Quem é você? Do que
gosta? Em que acredita? O que deseja?
Dia e noite somos
questionados, e as respostas costumam ser inteligentes, espirituosas
e decentes.
Tudo para causar a
melhor impressão aos nossos inquisidores. Ora, quem sou eu. Sou do
bem, sou honesto, sou perseverante, sou bem-humorado, sou aberto —
não costumamos economizar atributos quando se trata da nossa própria
descrição.
Do que gostamos? De
coisas belas. No que acreditamos? Em dias melhores. O que desejamos?
A paz universal.
Enquanto isso, o
demônio dentro de nós revira o estômago e faz cara de nojo. É
muita santidade para um pobre diabo, ninguém é tão imaculado
assim.
A despeito do nosso
inegável talento como divulgadores de nós mesmos e da nossa falta
de modéstia ao descrever nosso perfil no Orkut, a verdade é que o
que dizemos não tem tanta importância.
Para saber quem somos,
basta que se observe o que fizemos da nossa vida.
Os fatos revelam tudo,
as atitudes confirmam.

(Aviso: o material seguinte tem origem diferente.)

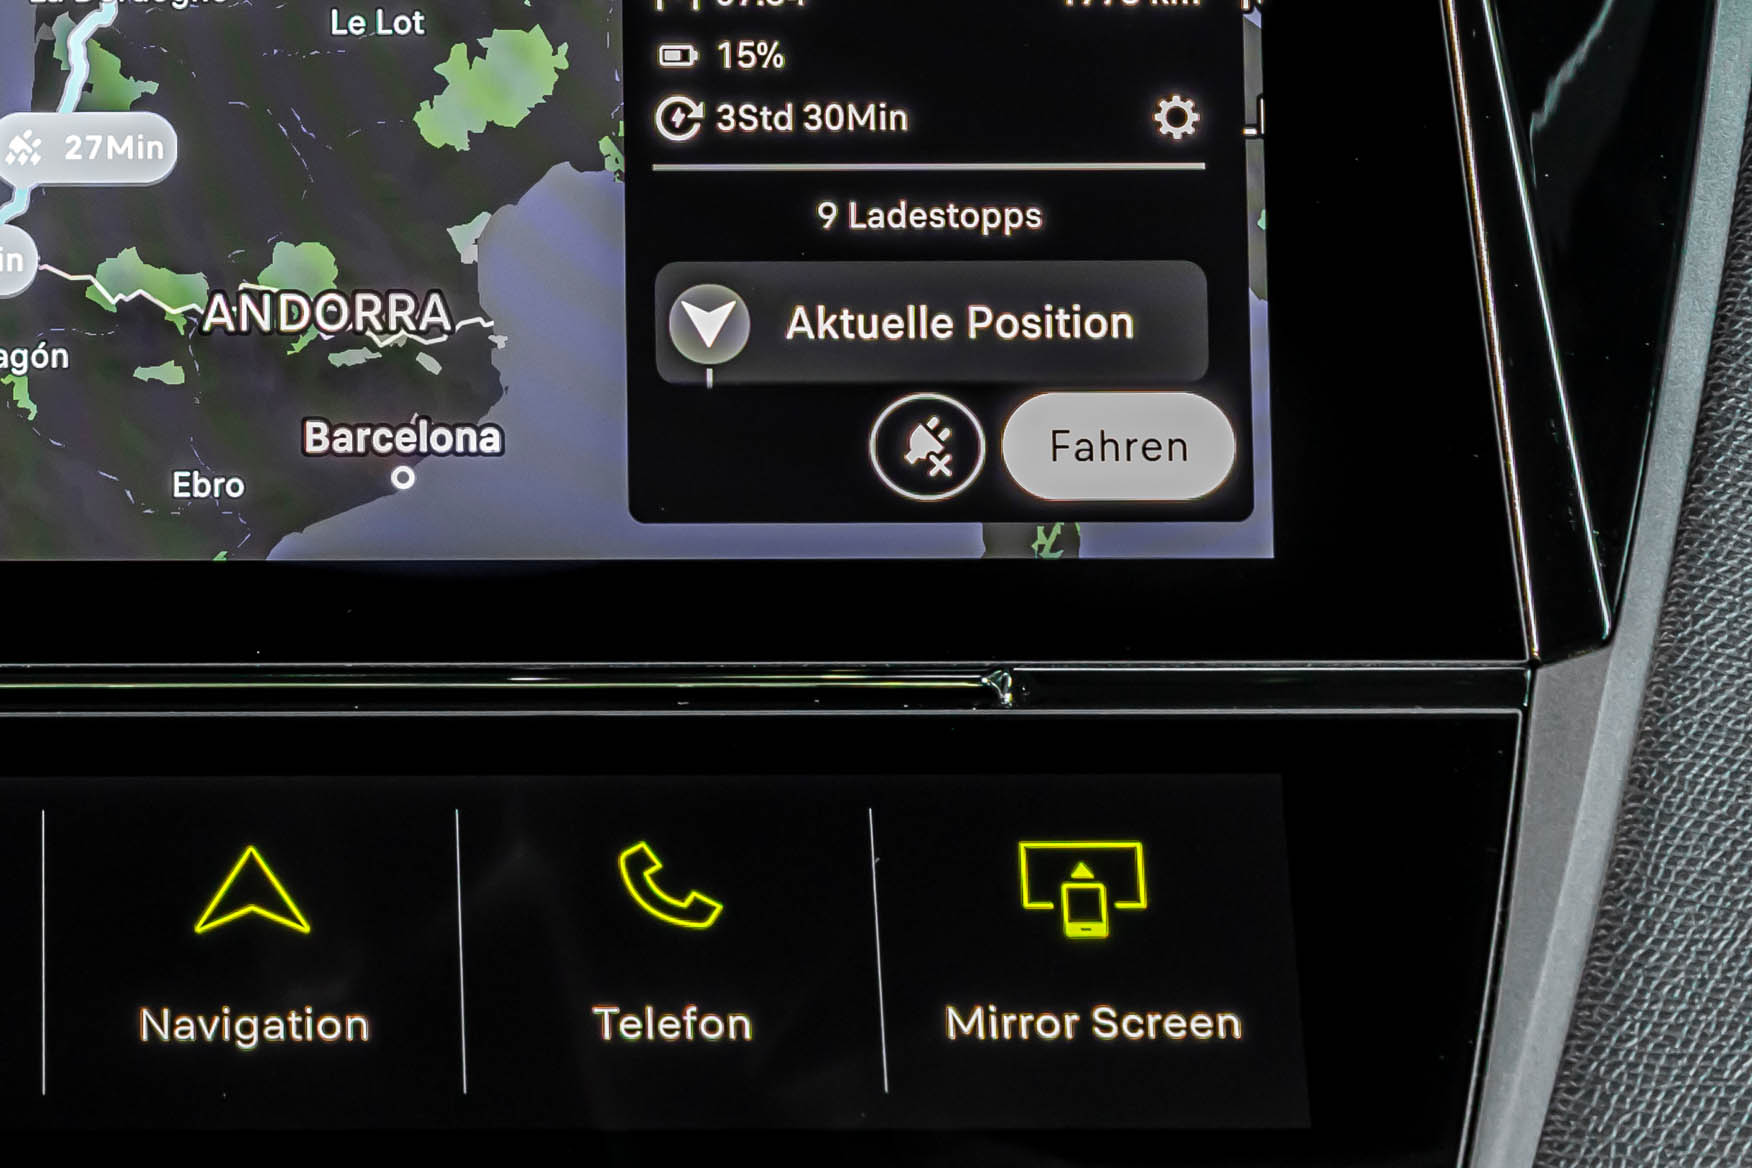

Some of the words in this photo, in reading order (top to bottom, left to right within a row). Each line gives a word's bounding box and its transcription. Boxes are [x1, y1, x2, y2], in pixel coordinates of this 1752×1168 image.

O que você diz — com todo o respeito — é
apenas o que você diz.
Entre a data do nosso
nascimento e a desconhecida data da nossa morte, acreditamos ainda
estar no meio do percurso, então seguimos nos anunciando como bons
partidos, incrementamos nossas façanhas, abusamos da retórica como
se ela fosse uma espécie de photoshop que pudesse sumir com nossos
defeitos.
Mas é na reta final
que nosso passado nos calará e responderá por nós.
Quantos amigos você
manteve.
Em que consiste sua
trajetória amorosa.
Como educou seus
filhos.
Quanto houve de alegria
no seu cotidiano.
Qual o grau de
intimidade e confiança que preservou com seus pais.
Se ficou devendo
dinheiro.
Como lidou com
tentativas de corrupção.
Em que circunstâncias
mentiu.
Como tratou empregados,
balconistas, porteiros, garçons.
Que impressão causou
nos outros — não naqueles que o conheceram por cinco dias, mas com
quem conviveu por 20 anos ou mais.
Quantas pessoas magoou
na vida. Quantas vezes pediu perdão.
Quem vai sentir sua
falta. Pra valer, vamos lá.
Podemos maquiar algumas
respostas ou podemos silenciar sobre o que não queremos que venha à
tona.
Inútil.
A soma dos nossos dias
assinará este inventário. Fará um levantamento honesto.
Cazuza já nos
cutucava: suas idéias correspondem aos fatos? De novo: o que
a gente diz é apenas o que a gente diz.
Lá no finalzinho, a
vida que construímos é que se revelará o mais eficiente detector
de nossas mentiras.
(Martha Medeiros)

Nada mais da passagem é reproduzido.